For all its appeal, photography may appear to be an impersonal and rather creative medium. Yet, using techniques developed over time, you can achieve a more organic, unique style in your photographs, as Hiroshi Sugimoto has done in his photography works.
Hiroshi Sugimoto is a Japanese photographer and architect who is the director of New Material Research Laboratory, a Tokyo-based architectural business. He was born on February 23, 1948 in Tokyo, Japan.
He reportedly took his first photographs in high school, capturing Audrey Hepburn film footage as it screened in a movie theater.
Sugimoto began studying politics and sociology at Rikky University in Tokyo in 1970. He pursued new training in the arts and earned a BA in fine arts at the Art Center College of Design in Pasadena, California, in 1974. Sugimoto then made New York City his home. He soon began to work in Soho as a dealer in Japanese antiquities.
Hiroshi is heavily influenced by the Dadaist and Surrealist movements in general, as well as Marcel Duchamp's writings and works. Additionally, he has demonstrated a keen interest in late twentieth-century modern architecture.

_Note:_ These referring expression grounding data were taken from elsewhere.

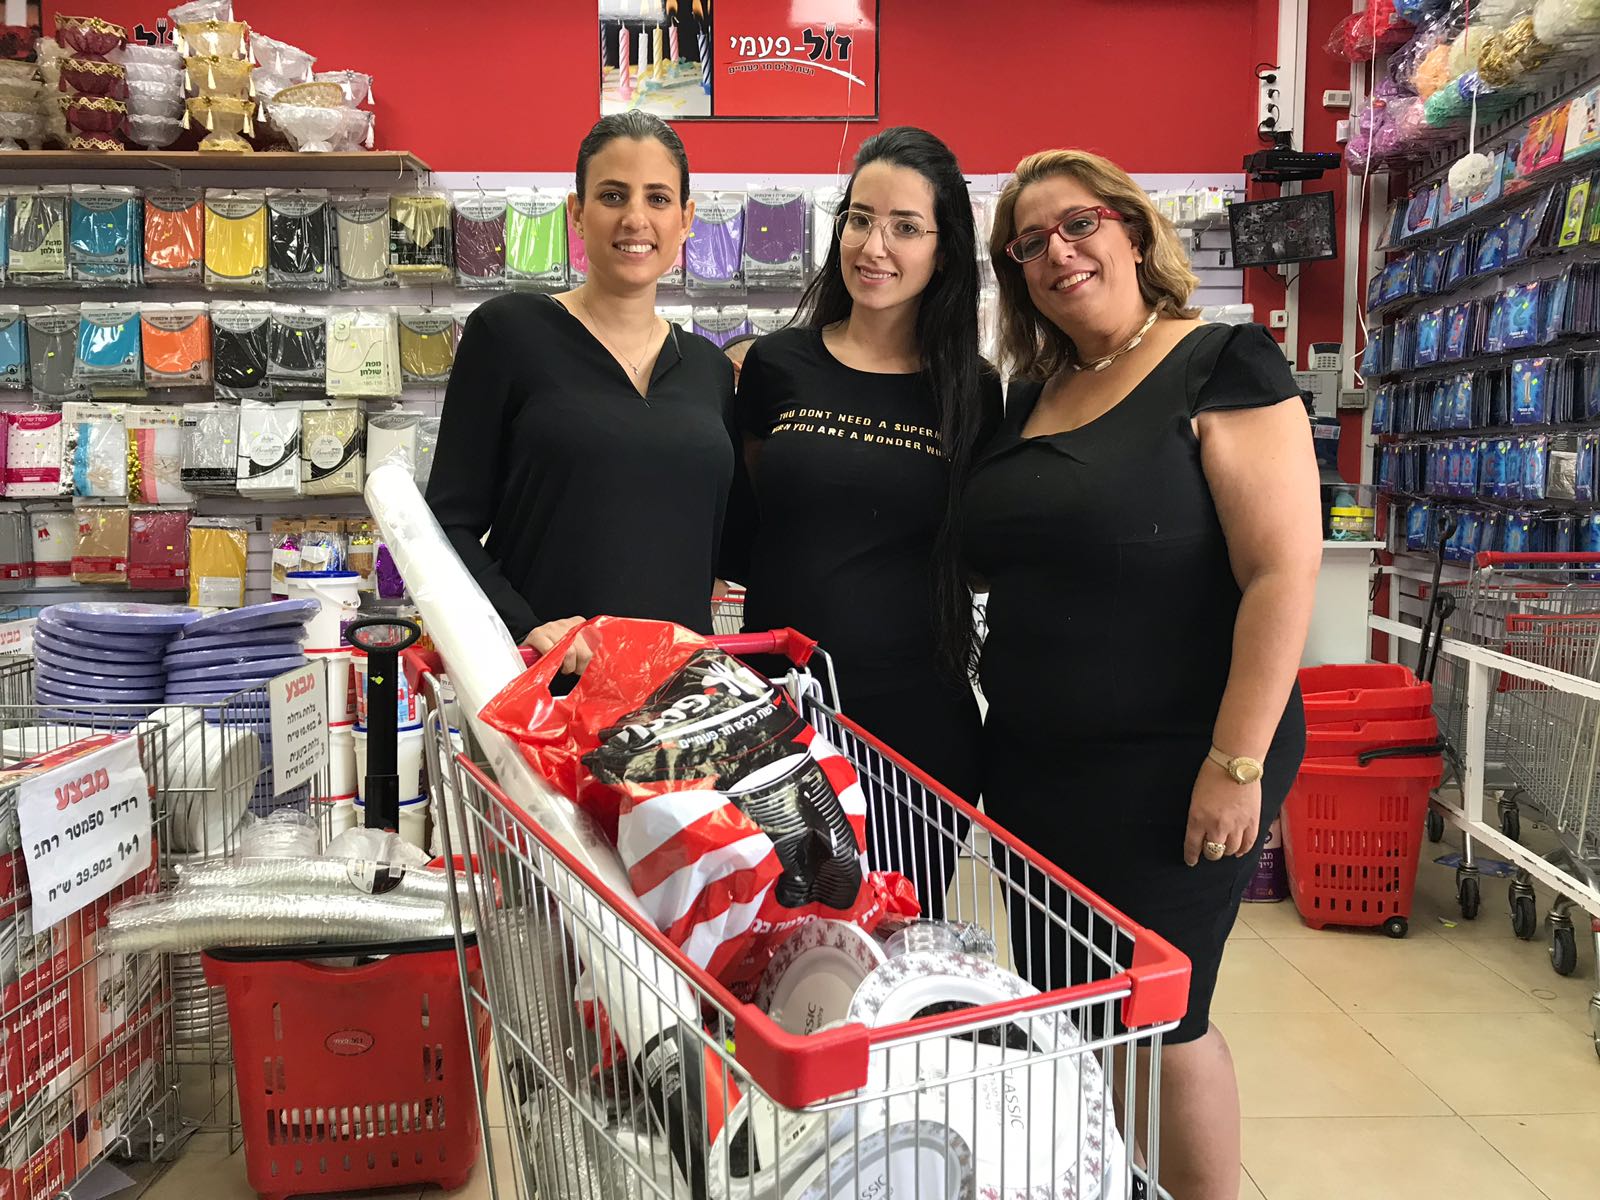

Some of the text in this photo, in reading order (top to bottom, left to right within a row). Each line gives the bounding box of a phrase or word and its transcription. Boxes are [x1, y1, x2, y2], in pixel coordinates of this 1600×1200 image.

[728, 64, 759, 74] פעמיים
[774, 62, 794, 71] כלים
[795, 65, 815, 76] רשת
[360, 368, 381, 376] שולחן
[799, 408, 832, 420] DONT
[838, 413, 872, 426] NEED
[878, 420, 887, 429] A
[792, 423, 814, 432] YOU
[817, 425, 845, 438] ARE
[850, 431, 858, 440] A
[863, 433, 921, 450] WONDER
[285, 673, 315, 703] מבצע
[679, 702, 778, 749] רשת כלים חד פעמיים
[54, 767, 110, 811] מבצע
[110, 796, 138, 819] רדיד
[33, 834, 60, 860] רחב
[117, 834, 140, 861] 1+1
[48, 879, 72, 902] ש"ח
[804, 1001, 816, 1036] SSIC
[1003, 1067, 1024, 1130] LASSIC
[861, 1174, 887, 1200] SSIC

Among Sugimoto's most notable works, black-and-white photographs of theaters, landscapes, and the sea investigate photography’s capacity to model time. His bold color fields and abstract, chromogenic prints blur the line between painting and photography, immediately distinguishing his work from other photographers.
For a medium with such immediate impact, it is only natural that many photographers would direct their work to depict the physical world through the lens. However, Sugimoto is able to capture his subjects in moments when they aren't even paying attention. His works evoke curiosity and wonder as his viewers uncover what has been captured within his images.
Moreover, what helps make Sugimoto's work fascinating is its multilayered nature, one that reveals something new each time you begin to understand what his work is all about and how he has used light and shadow to bring this work to life.
Sugimoto has achieved a type of acclaim reserved for very few contemporary artists by attaining major solo exhibitions at the Centre Pompidou in Paris, the Museum of Modern Art in New York, and elsewhere in Europe and Asia. The status of these bodies of work is testament to his remarkable ability to produce a distinctly unconventional art form within the context of photography.
His work is replete with formal rigor, but always infused with an air of mystery. He has photographed everything from tsunami-struck homes in Japan to abandoned gas stations. Many of his photographs are devoid of people and are constituted for the most part by mere traces and vestiges. Despite their austere compositions, they suggest narratives worthy of our attention.
Hiroshi Sugimoto is one of the few most influential photographers of all time. His work has been exhibited in museums and collected by celebrities, but he remains both widely respected and a critical influence on other photographers.